What is needed
An exact copy of the data below is required; return it in full.

Records for this task

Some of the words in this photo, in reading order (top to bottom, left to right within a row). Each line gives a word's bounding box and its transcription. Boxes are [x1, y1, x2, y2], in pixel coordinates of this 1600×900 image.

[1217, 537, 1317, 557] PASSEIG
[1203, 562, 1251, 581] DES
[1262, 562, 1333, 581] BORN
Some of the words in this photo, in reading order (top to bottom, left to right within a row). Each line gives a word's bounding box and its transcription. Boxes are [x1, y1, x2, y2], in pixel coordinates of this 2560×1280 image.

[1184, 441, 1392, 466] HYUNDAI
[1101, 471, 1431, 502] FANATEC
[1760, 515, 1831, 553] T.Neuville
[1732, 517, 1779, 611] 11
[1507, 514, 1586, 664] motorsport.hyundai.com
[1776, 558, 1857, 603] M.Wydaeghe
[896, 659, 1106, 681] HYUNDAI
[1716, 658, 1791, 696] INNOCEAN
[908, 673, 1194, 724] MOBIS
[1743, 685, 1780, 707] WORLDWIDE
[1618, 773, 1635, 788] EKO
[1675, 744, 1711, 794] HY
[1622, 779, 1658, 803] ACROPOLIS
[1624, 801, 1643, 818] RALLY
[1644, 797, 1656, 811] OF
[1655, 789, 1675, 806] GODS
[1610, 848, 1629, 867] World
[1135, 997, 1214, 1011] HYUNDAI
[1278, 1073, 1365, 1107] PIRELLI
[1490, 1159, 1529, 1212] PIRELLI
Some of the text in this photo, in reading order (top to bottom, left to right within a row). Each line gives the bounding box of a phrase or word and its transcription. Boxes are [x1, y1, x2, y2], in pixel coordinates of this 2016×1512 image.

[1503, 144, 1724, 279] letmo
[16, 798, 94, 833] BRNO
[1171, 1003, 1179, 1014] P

Answer section
Some of the words in this photo, in reading order (top to bottom, left to right within a row). Each line gives a word's bounding box and its transcription. Boxes are [x1, y1, x2, y2], in pixel coordinates of this 1600×900 image.

[1217, 537, 1317, 557] PASSEIG
[1203, 562, 1251, 581] DES
[1262, 562, 1333, 581] BORN
Some of the words in this photo, in reading order (top to bottom, left to right within a row). Each line gives a word's bounding box and its transcription. Boxes are [x1, y1, x2, y2], in pixel coordinates of this 2560×1280 image.

[1184, 441, 1392, 466] HYUNDAI
[1101, 471, 1431, 502] FANATEC
[1760, 515, 1831, 553] T.Neuville
[1732, 517, 1779, 611] 11
[1507, 514, 1586, 664] motorsport.hyundai.com
[1776, 558, 1857, 603] M.Wydaeghe
[896, 659, 1106, 681] HYUNDAI
[1716, 658, 1791, 696] INNOCEAN
[908, 673, 1194, 724] MOBIS
[1743, 685, 1780, 707] WORLDWIDE
[1618, 773, 1635, 788] EKO
[1675, 744, 1711, 794] HY
[1622, 779, 1658, 803] ACROPOLIS
[1624, 801, 1643, 818] RALLY
[1644, 797, 1656, 811] OF
[1655, 789, 1675, 806] GODS
[1610, 848, 1629, 867] World
[1135, 997, 1214, 1011] HYUNDAI
[1278, 1073, 1365, 1107] PIRELLI
[1490, 1159, 1529, 1212] PIRELLI
Some of the text in this photo, in reading order (top to bottom, left to right within a row). Each line gives the bounding box of a phrase or word and its transcription. Boxes are [x1, y1, x2, y2], in pixel coordinates of this 2016×1512 image.

[1503, 144, 1724, 279] letmo
[16, 798, 94, 833] BRNO
[1171, 1003, 1179, 1014] P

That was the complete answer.